WellPoint Inc. and its Anthem Blue Cross plans made one of the biggest bets on selling insurance to individuals and families through the health law’s online exchanges. No regrets, CEO Joseph Swedish said Tuesday, despite the balky beginning.
“Despite the near-term uncertainty, we believe exchanges will be growing as a big part of the market over time,” Swedish said in his first public remarks since insurers worked overtime to enroll members by the end of the year. “We are more focused on the end game of exchanges than the twists and turns in the near term.”
Speaking at a San Francisco conference organized by investment house J.P. Morgan, Swedish gave no sign-up figures for the marketplaces.

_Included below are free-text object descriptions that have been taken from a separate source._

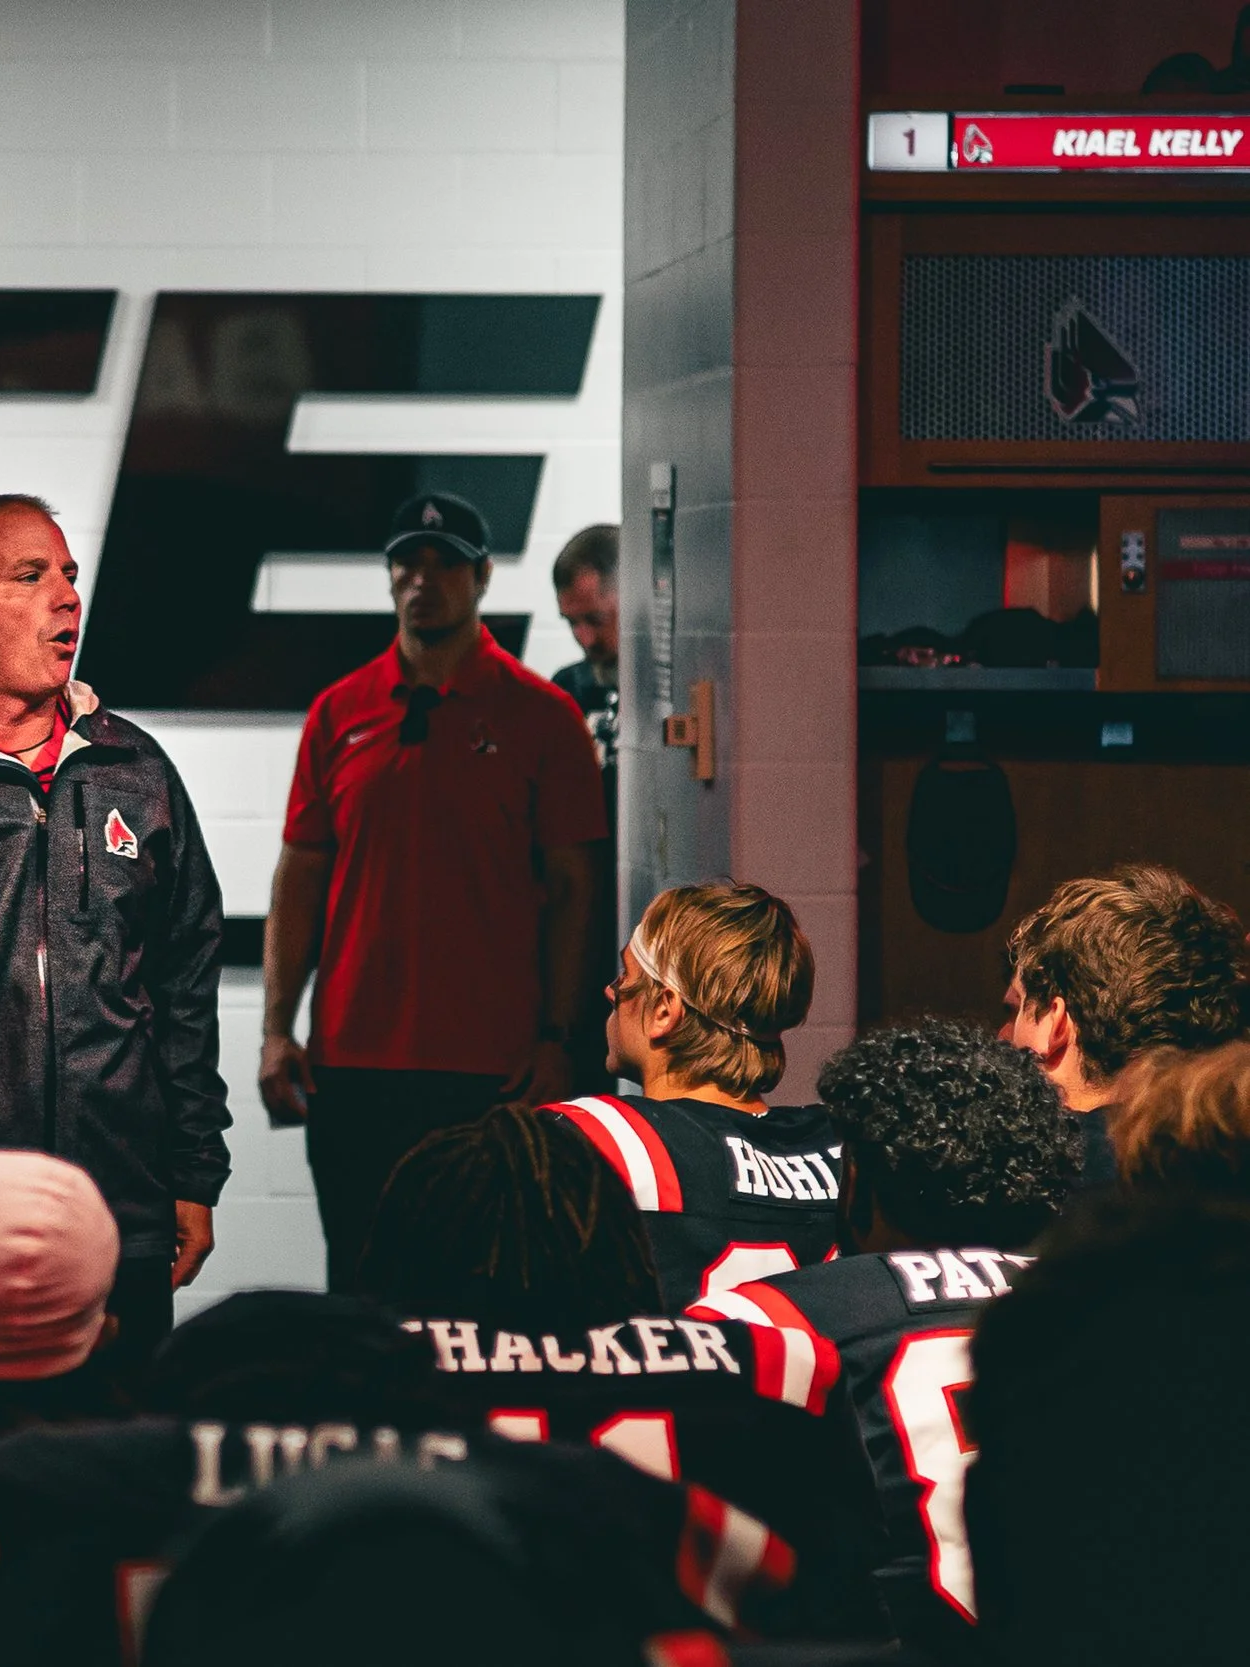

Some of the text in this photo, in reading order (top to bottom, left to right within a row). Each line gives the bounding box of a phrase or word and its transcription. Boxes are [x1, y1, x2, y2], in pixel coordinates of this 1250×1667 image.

[903, 128, 917, 157] 1
[1052, 129, 1244, 157] KIAEL KELLY
[887, 1249, 1041, 1303] PAT
[398, 1317, 742, 1375] HACKER
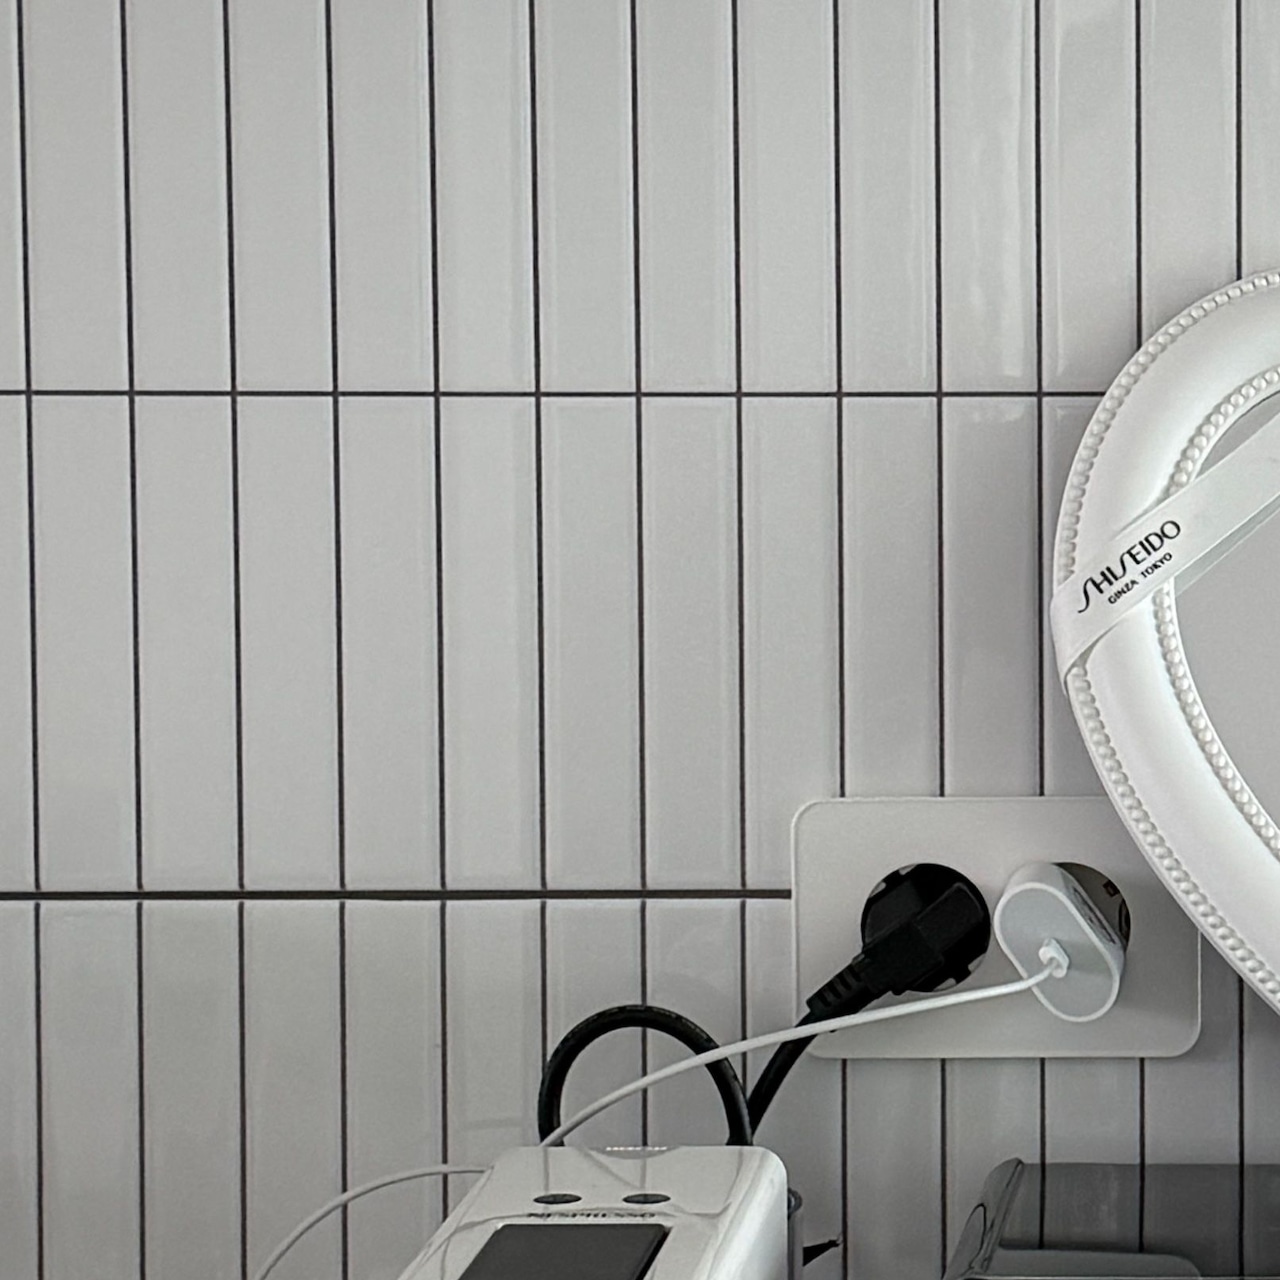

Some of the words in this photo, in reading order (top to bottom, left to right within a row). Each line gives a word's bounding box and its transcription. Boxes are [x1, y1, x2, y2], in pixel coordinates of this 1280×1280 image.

[1078, 520, 1181, 613] SHISEIDO
[1107, 579, 1139, 604] GINZA
[1140, 552, 1172, 578] TOKYO
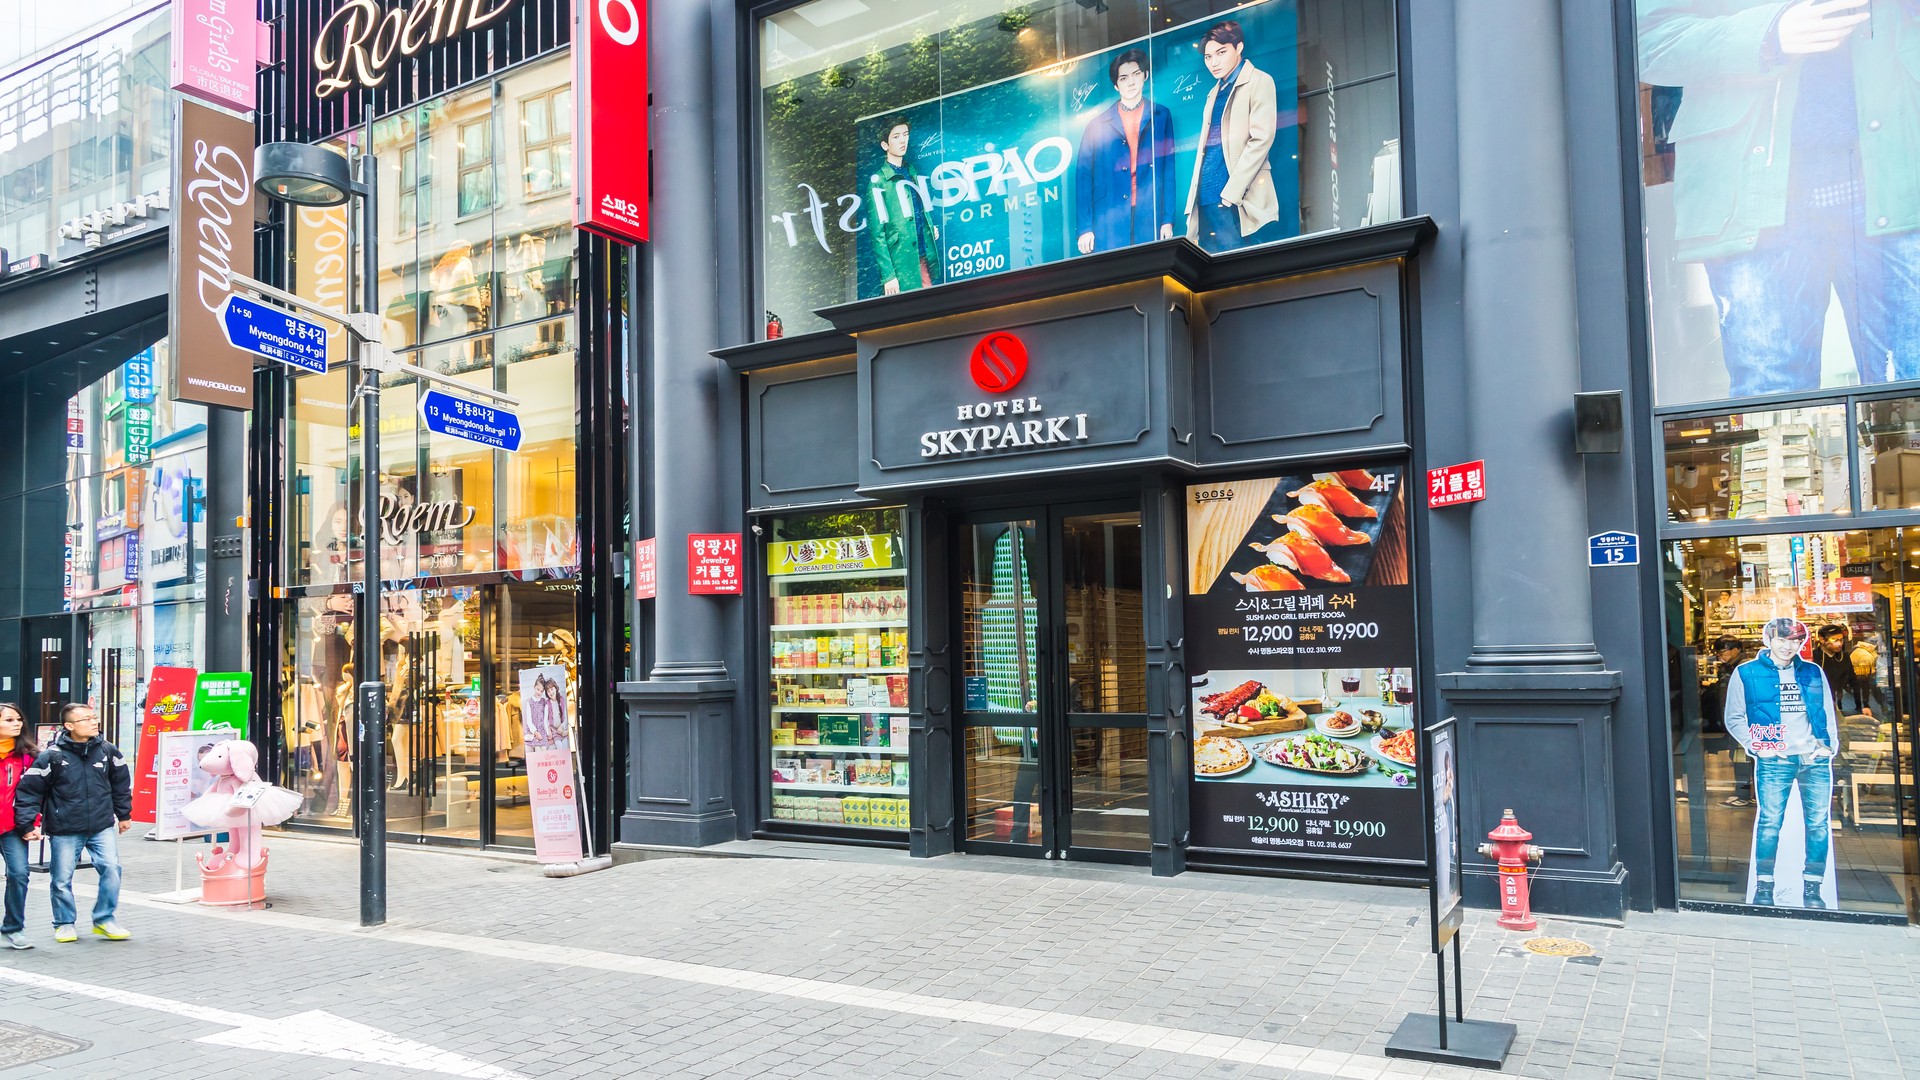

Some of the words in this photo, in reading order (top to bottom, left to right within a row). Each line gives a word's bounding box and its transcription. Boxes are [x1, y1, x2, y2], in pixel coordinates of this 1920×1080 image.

[189, 65, 220, 81] GLOBAL
[232, 80, 250, 93] FREE
[197, 75, 244, 101] 市区退税
[1183, 94, 1195, 102] KAI
[917, 151, 932, 160] CHAN
[931, 136, 1074, 208] SPAO
[601, 193, 639, 219] 스파오
[944, 203, 993, 224] FOR
[1004, 186, 1060, 214] MEN
[187, 139, 251, 314] Roem
[601, 208, 640, 228] WWW.SPAO.COM
[948, 239, 994, 262] COAT
[947, 254, 1005, 279] 129,900
[243, 308, 253, 319] 50
[249, 324, 305, 354] Myeongdong
[305, 344, 325, 359] 4-gil
[285, 318, 325, 347] 명동4길
[187, 376, 247, 395] WWW.ROEM.COM
[429, 404, 439, 417] 13
[454, 400, 496, 424] 명동8나길
[957, 397, 1042, 421] HOTEL
[442, 412, 484, 431] Myeongdong
[484, 423, 506, 437] 8na-gil
[508, 426, 517, 437] 17
[920, 416, 1071, 458] SKYPARK
[1368, 473, 1396, 493] 4F
[1431, 468, 1481, 495] 커플링
[359, 492, 476, 546] Roem
[693, 539, 737, 556] 영광사
[1603, 548, 1625, 562] 15
[700, 556, 730, 565] Jewelry
[794, 565, 820, 573] KOREAN
[821, 563, 834, 571] RED
[835, 562, 864, 570] GINSENG
[695, 565, 736, 578] 커플링
[1234, 595, 1297, 613] 스시&그릴
[1298, 594, 1325, 612] 뷔페
[1328, 592, 1357, 610] 수사
[1264, 613, 1280, 621] AND
[1280, 612, 1298, 620] GRILL
[1297, 612, 1321, 620] BUFFET
[1321, 611, 1346, 619] SOOSA
[1217, 627, 1229, 635] 평일
[1228, 627, 1240, 635] 런치
[1242, 624, 1293, 643] 12,900
[1326, 621, 1379, 641] 19,900
[1299, 632, 1316, 641] 공휴일
[1247, 647, 1260, 655] 수사
[1260, 646, 1294, 655] 명동스파오점
[1378, 673, 1405, 692] 5F
[1748, 723, 1788, 740] 你好
[1751, 742, 1787, 751] SPAO
[1265, 790, 1340, 810] ASHLEY
[1222, 814, 1234, 823] 평일
[1234, 815, 1245, 823] 런치
[1247, 815, 1299, 834] 12,900
[1333, 819, 1386, 839] 19,900
[1305, 826, 1323, 835] 공휴일
[1251, 836, 1269, 845] 애슐리
[1269, 837, 1304, 847] 명동스파오점
[1505, 876, 1518, 906] 소화전

WellPoint had 35.6 million total members at the end of the year, he said.
“We saw a sizable uptick at the end of December, concurrent with the first enrollment deadline,” he said of the exchanges. “And we expect a similar bump in March, in front of the second primary enrollment deadline.”
Jan. 1 was the earliest effective date for coverage through the marketplaces. Enrollment for exchange coverage ends for most consumers March 31.
WellPoint is selling plans through the portals in 14 states. And the websites are still far from perfect, Swedish said.
“I can say that we’ve seen improvement in the front-end application process over the past several weeks, although there is still work to be done to address some of the back-end challenges,” he said. Insurers had been reporting incorrect enrollment data coming from the portals.
He also delivered what sounded like an implicit retort to criticism that some Anthem Blue Cross hospital and doctor networks are too narrow, repeatedly mentioning “affordability” and stressing that choosing caregivers carefully is the key to containing costs and improving quality. Anthem has been seeking discounts from select hospitals and doctors in return for the high volume it can deliver with what is often a No. 1 share in the individual insurance market.
WellPoint’s research shows that for consumers, “price is the dominant factor in selecting health care coverage, followed by brand and then the network of providers,” he said. “We are finding that providers are increasingly willing to align with new network structures and consider innovative payment methodologies” to keep costs down.
Despite the sunny long-term view, Swedish said there’s plenty of uncertainty, including final enrollment figures, the health of new members and other factors, for 2014.